The Last Frontier of Machine Learning – Data Wrangling

Abstract: The bane of any organization deploying high quality machine learning technology is data wrangling. Data wrangling consists of data pre-processing, feature cleaning, and feature engineering. We estimate that data scientists spend upwards of 90% of their time wrestling with data making it the biggest bottleneck to widespread Machine Learning adoption. Automating aspects of data wrangling would dramatically increase the adoption of Machine Learning technology across enterprise organizations. In this talk, Alex Holub, PhD, draws upon his experience in both industry and academe to illustrate both why data wrangling is a challenge and some of the solutions being developed to automate the data wrangling.

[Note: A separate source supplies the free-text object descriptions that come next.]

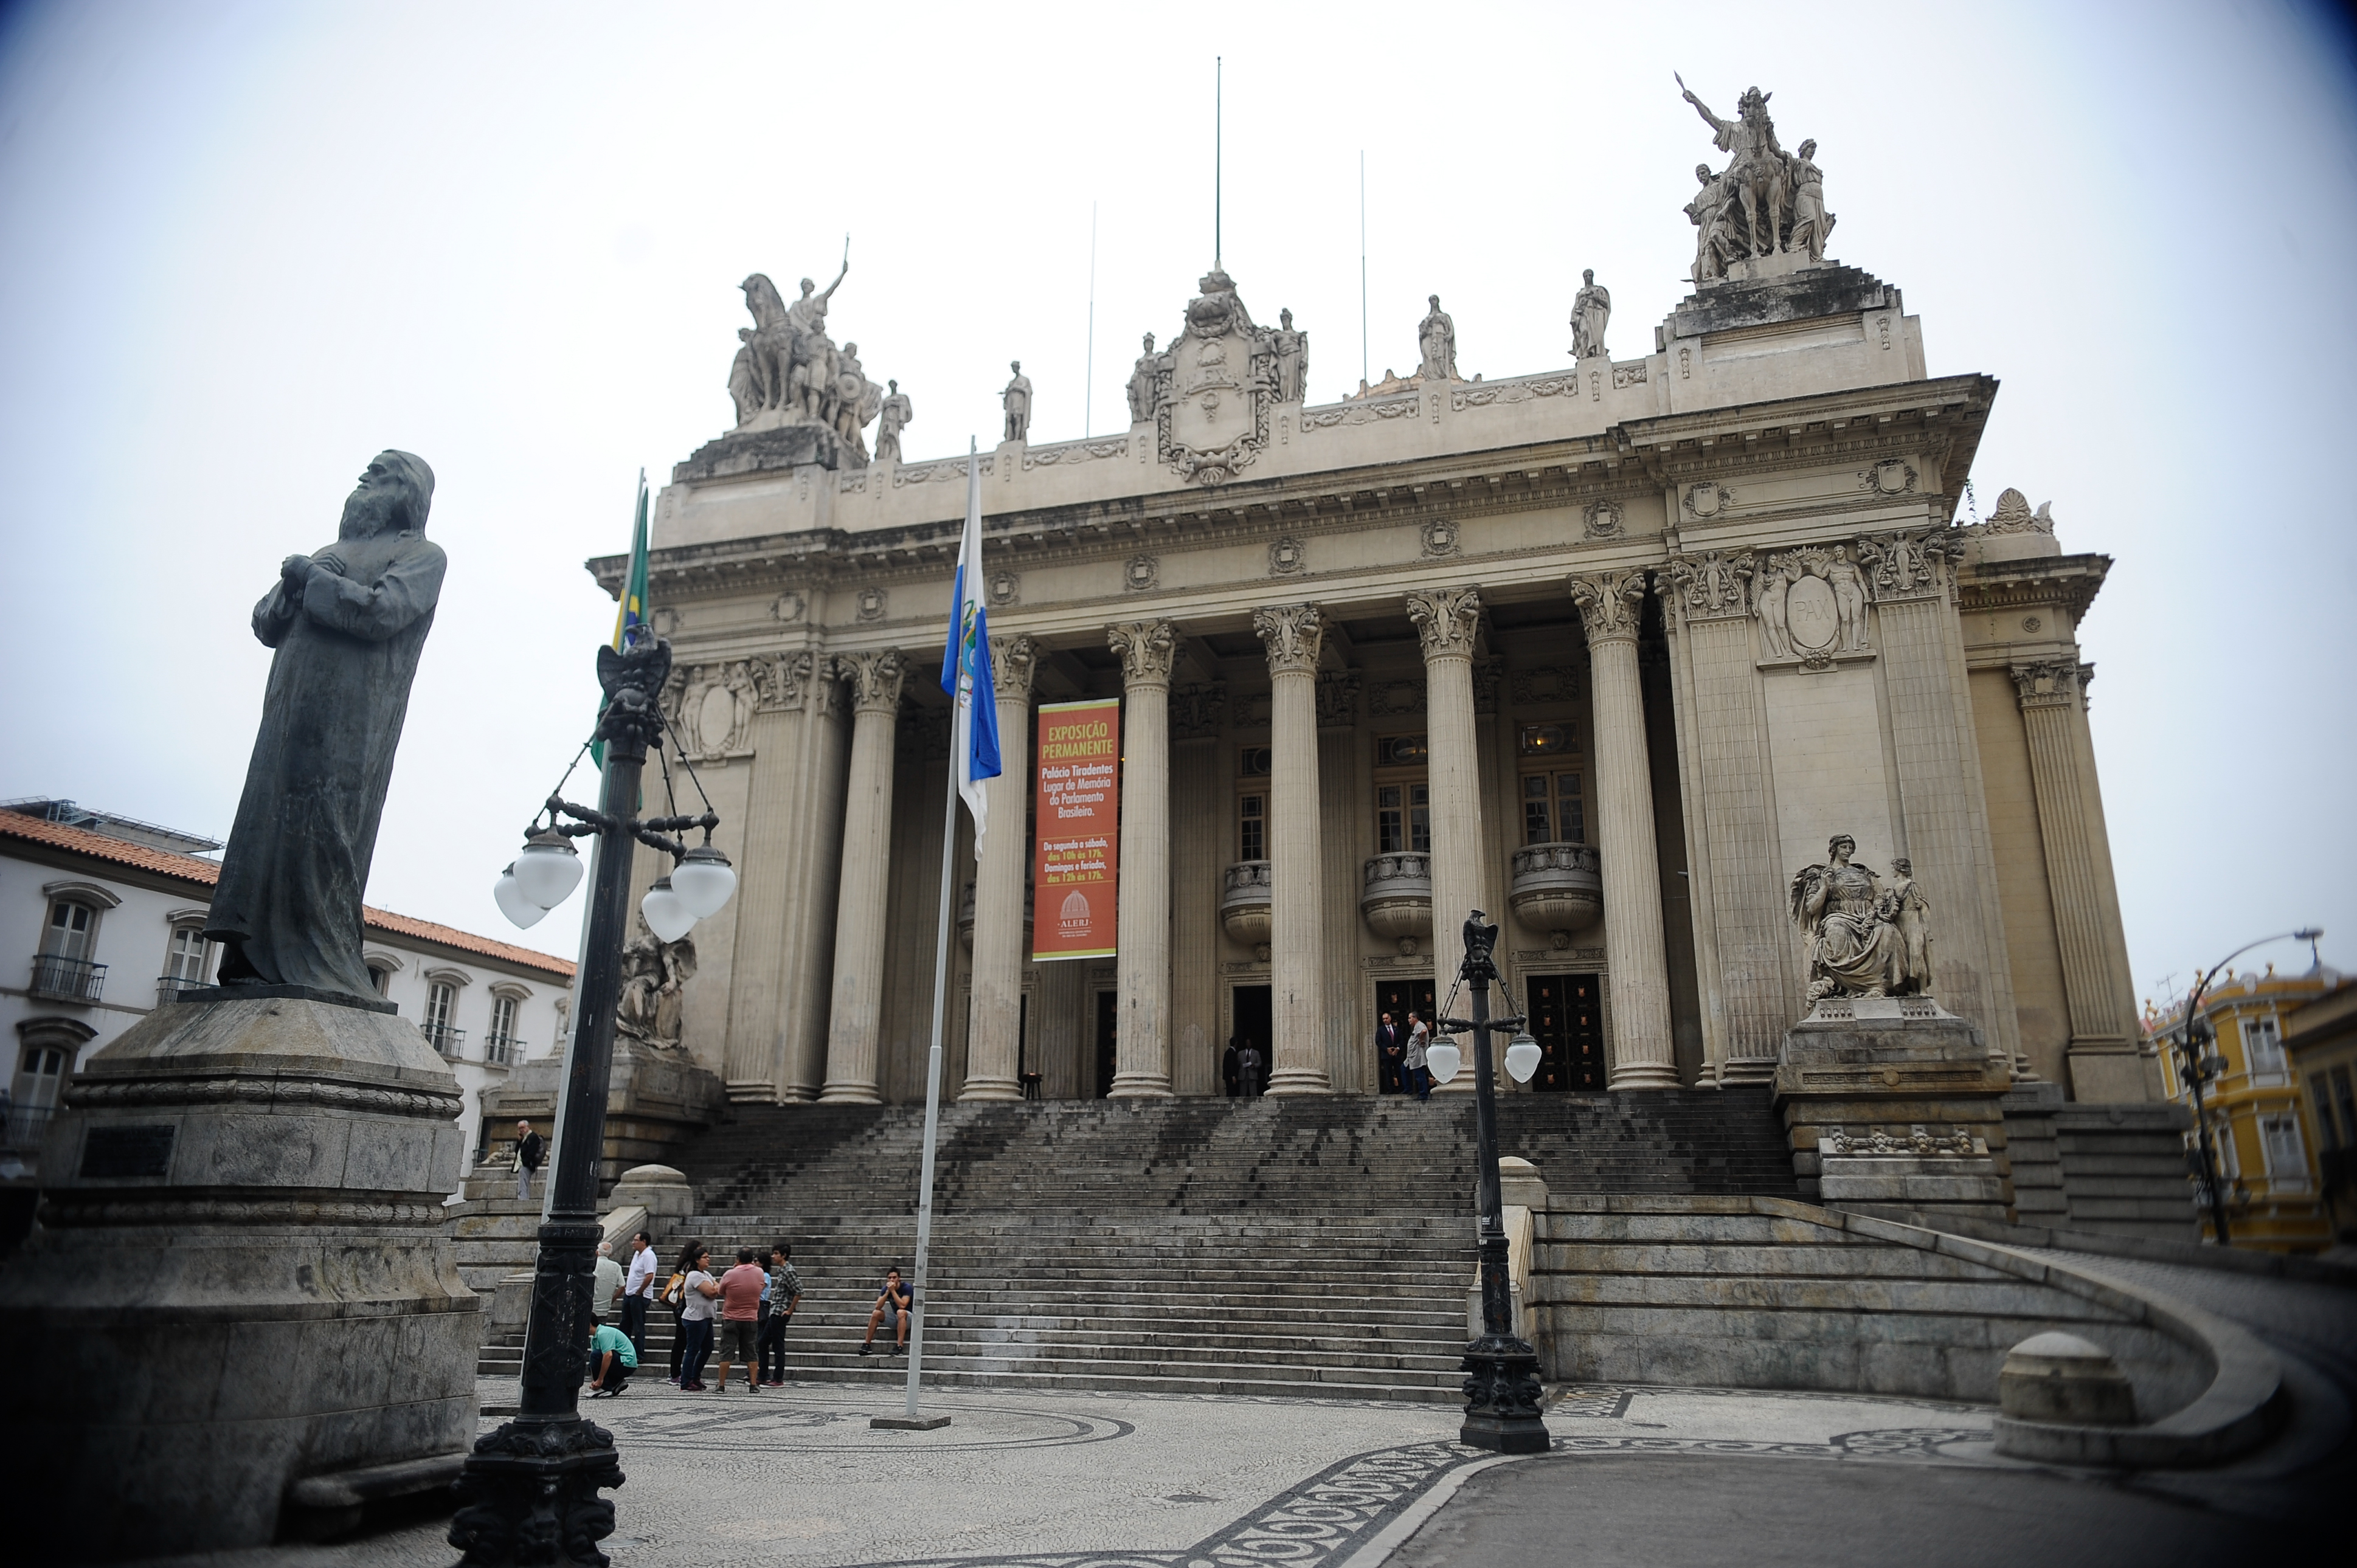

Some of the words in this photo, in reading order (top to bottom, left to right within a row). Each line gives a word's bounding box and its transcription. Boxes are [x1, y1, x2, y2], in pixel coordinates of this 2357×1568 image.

[1795, 598, 1829, 621] PAX
[1049, 720, 1107, 742] EXPOSIÇÃO
[1043, 739, 1113, 759] PERMANENTE
[1042, 765, 1070, 779] Palácio
[1072, 763, 1113, 776] Tiradentes
[1044, 781, 1064, 793] Lugar
[1066, 779, 1075, 790] de
[1078, 777, 1111, 789] Memória
[1050, 792, 1059, 805] do
[1062, 792, 1104, 804] Parlamento
[1058, 805, 1095, 819] Brasileiro.
[1044, 842, 1052, 851] De
[1053, 840, 1078, 852] segunda
[1048, 852, 1060, 861] das
[1062, 851, 1076, 860] 10h
[1045, 863, 1073, 872] Domingos
[1047, 874, 1059, 883] das
[1062, 872, 1076, 882] 12h
[1061, 919, 1089, 928] ALERJ

Bio: Alex Holub is the Co-founder and CEO of Vidora, a Machine Learning company focused on automating data wrangling and enabling operational intelligence for everyone. He received his Ph.D. at Caltech in Machine Learning and Computer Vision, and has published over 20 peer-reviewed articles in the areas of Machine Learning, Statistics, and Artificial Intelligence. Prior to Caltech, Alex received undergraduate degrees from Cornell in Computer Science and Neurobiology, and spent one year as a visiting scientist at the Max-Planck Institute for Biological Cybernetics in Tuebingen.